The spacers are made of a non-conductive material so as not to participate in discharges or make a short circuit. Preferably, they are made made of glass, in particular of the soda-lime type.

oh To avoid loss of light by absorption in the material of spacers, it is possible to coat the surface of these with a material phosphor identical or different from that used for the substrate (s)) glass (s).
In the planar lamp structure according to the invention, the gas pressure in the internal space can be of the order of 0.05 to 1 bar, advantageously order from 0.05 to 0.6 bar. The gas used is an ionizable gas capable of constitute a plasma ("plasma gas"), in particular xenon, neon, pure or mixed.
According to one embodiment, the lamp can be produced by manufacturing any first a sealed enclosure where the intermediate air space is pressurized atmospheric and then vacuuming and introducing the plasma gas to the desired pressure. According to this embodiment, one of the glass substrates includes at least one hole drilled in its thickness obstructed by a sealing means.
The invention also relates to a method of manufacturing a lamp as previously described, including the steps in which - optionally depositing at least one electrode on one of the substrates glassmakers, - phosphorus is screen printed on at least one of the glass substrates one of which has a hole drilled in its thickness and opposite, of the electrode if it is deposited on the same substrate, - spacers are deposited on one of the glass substrates, - glass substrates are assembled in parallel, - the internal space is sealed with a sealing material peripheral, - we replace, via the hole, the atmosphere contained in the internal space by plasma gas, and - the hole is blocked with a sealing means, - optionally, at least one first electrical insulator is assembled with at least one glass substrate, the electrical insulator being intended to cover or integrate internally or on the surface the electrode which must be associated with one of the faces of said substrate, or intended to cover the electrode which is associated with a second electrical insulator assembled to the first electrical insulator.

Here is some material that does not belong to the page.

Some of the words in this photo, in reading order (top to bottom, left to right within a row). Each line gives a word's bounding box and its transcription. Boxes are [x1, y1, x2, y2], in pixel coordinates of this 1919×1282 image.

To replace the atmosphere with gas, one can use a process of pumping through a double or multiple glazing structure as described in particular in document EP-A-645 516. It proposes therein as a material for sealing a suspension of sintered welding glass. This material is placed under form of a ball at the outer end of the hole from the start of the manufacturing, we do the vacuum through this room, then we soften it so as to obstruct the hole.

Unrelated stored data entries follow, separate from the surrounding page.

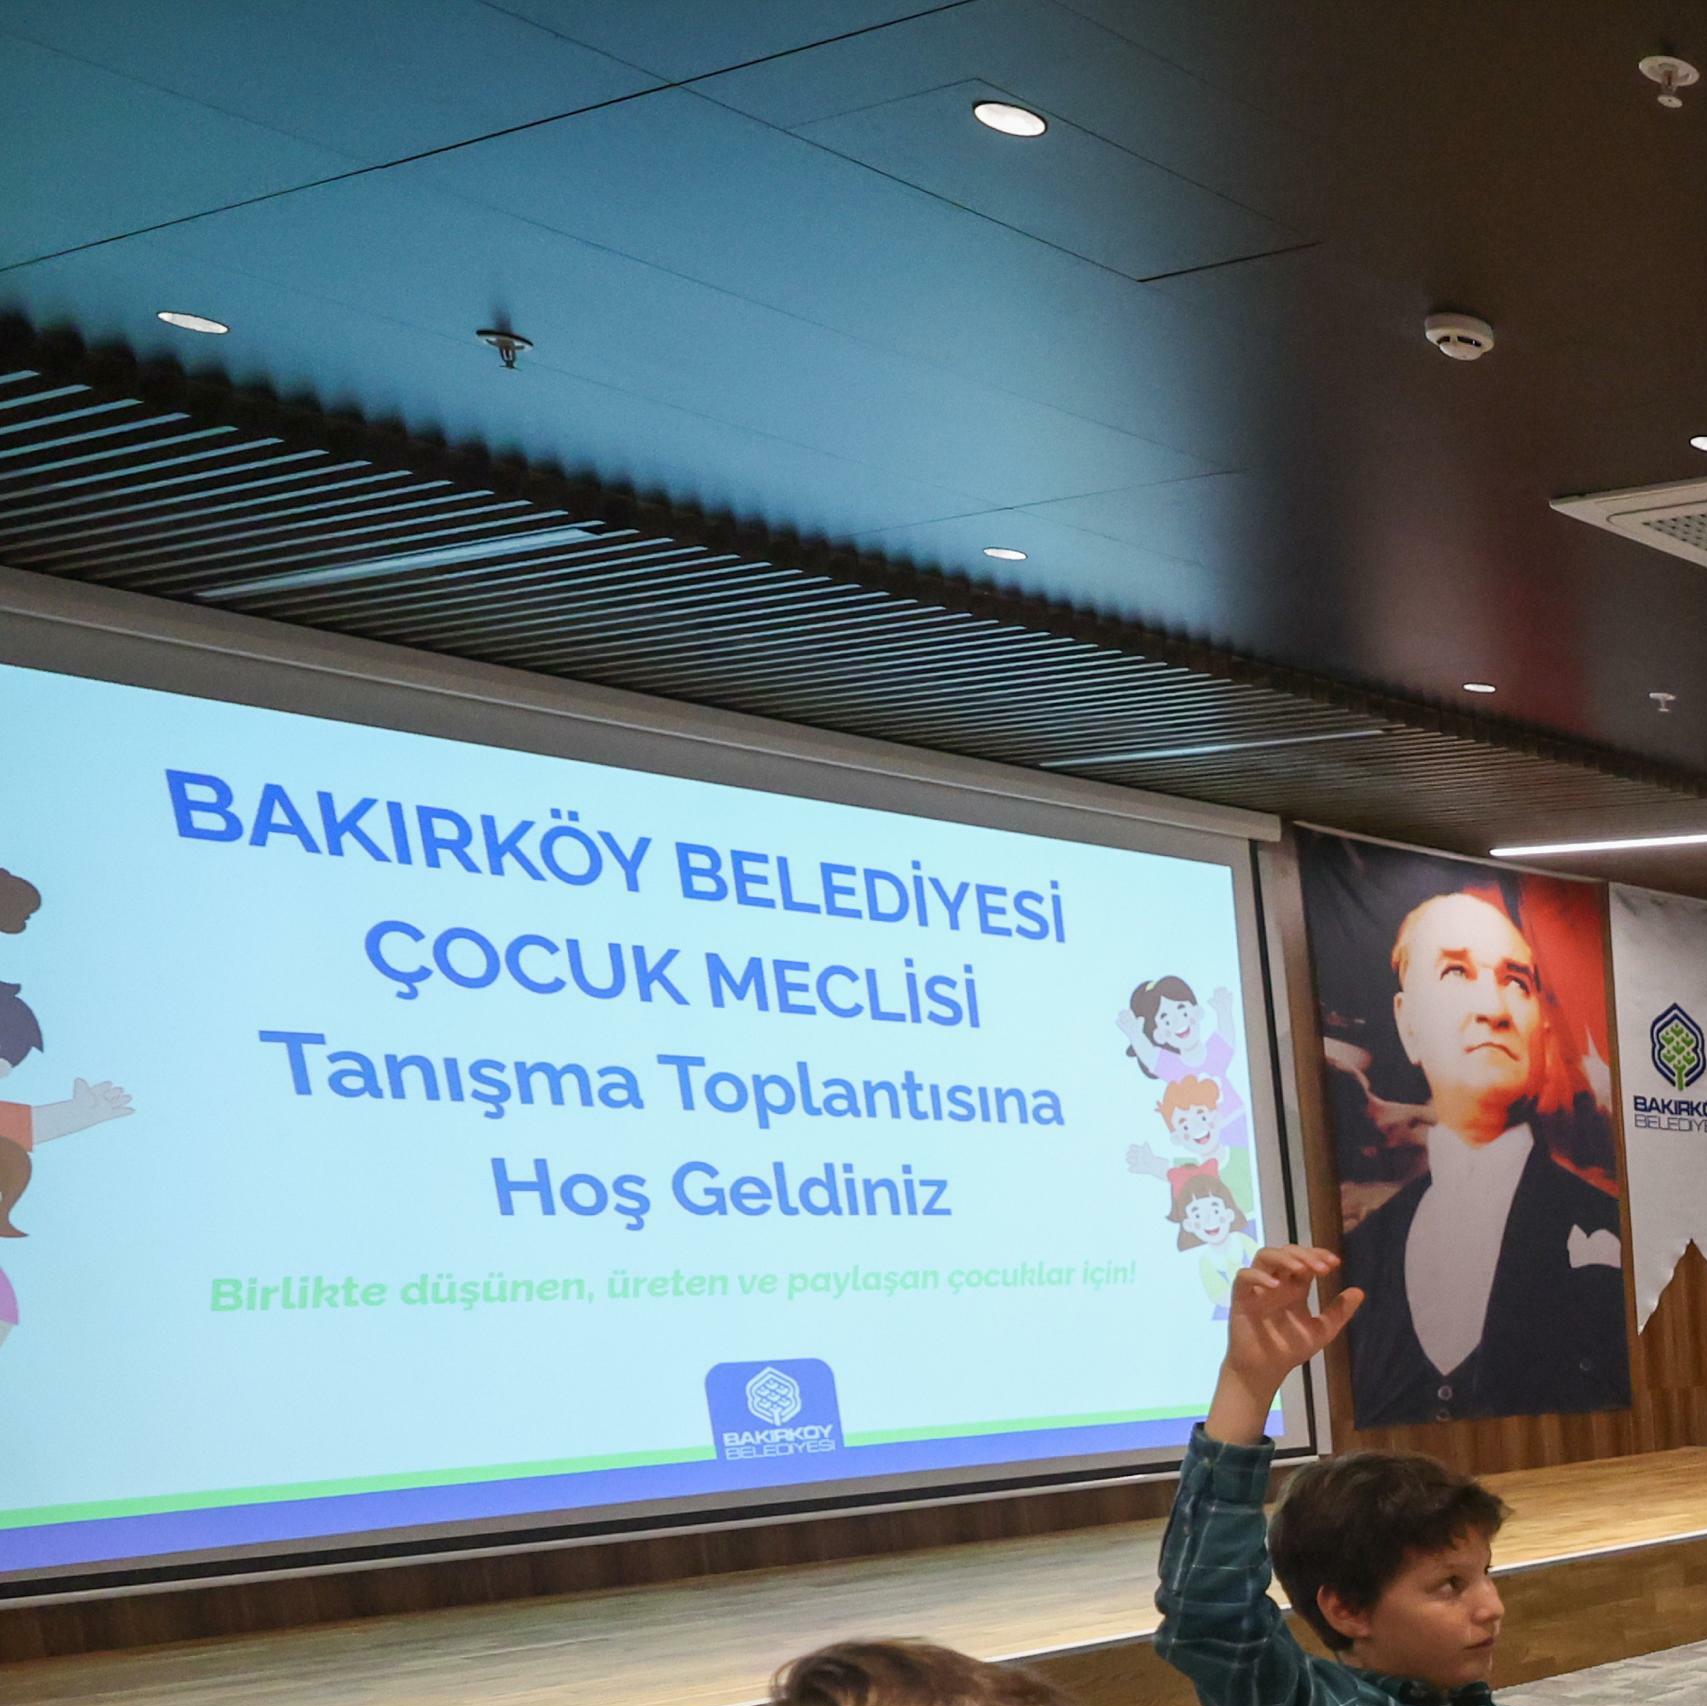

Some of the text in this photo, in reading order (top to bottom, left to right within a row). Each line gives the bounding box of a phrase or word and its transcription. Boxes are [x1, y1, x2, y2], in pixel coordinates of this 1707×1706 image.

[165, 766, 1066, 944] BAKIRKÖY BELEDİYESİ
[364, 918, 981, 1028] ÇOCUK MECLİSİ
[258, 1030, 1065, 1129] Tanışma Toplantısına
[492, 1157, 951, 1231] Hoş Geldiniz
[210, 1260, 1136, 1312] Birlikte düşünen, üreten ve paylaşan çocuklar için!

Another process is described in FR-A-2 774 373 where it is proposed as sealing material a low melting point alloy. This material can be placed as a shaped part adapted to the outer end of the hole from the beginning of the manufacturing, we make the vacuum through this room, then we background for seal it on the wall of the hole so as to obstruct the latter.
A preferred method according to the invention consists in blocking the hole with a sealing pad covering the external hole of the hole. This tablet, advantageously metallic, can be bonded to the glass substrate by welding.

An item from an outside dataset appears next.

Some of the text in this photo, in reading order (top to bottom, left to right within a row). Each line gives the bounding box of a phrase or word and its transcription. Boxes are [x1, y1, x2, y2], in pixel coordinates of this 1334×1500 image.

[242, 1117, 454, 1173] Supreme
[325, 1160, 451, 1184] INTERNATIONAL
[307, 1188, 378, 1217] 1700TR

The flat lamp according to the invention can be used as luminaires with lighting and / or decoration purposes. The luminaire may take dimensions of the order of those currently reached with the so-called tubes neon ”, or much higher, for example at least 1 m2. The use of the flat lamp provides better visual comfort than these tubes, by emitting a more diffuse light and ensures a much longer lifespan.
Glass substrates can be of any shape: the outline of substrates can be polygonal, concave or convex, especially square or rectangular, or curved, of constant or variable radius of curvature, in particular round or oval.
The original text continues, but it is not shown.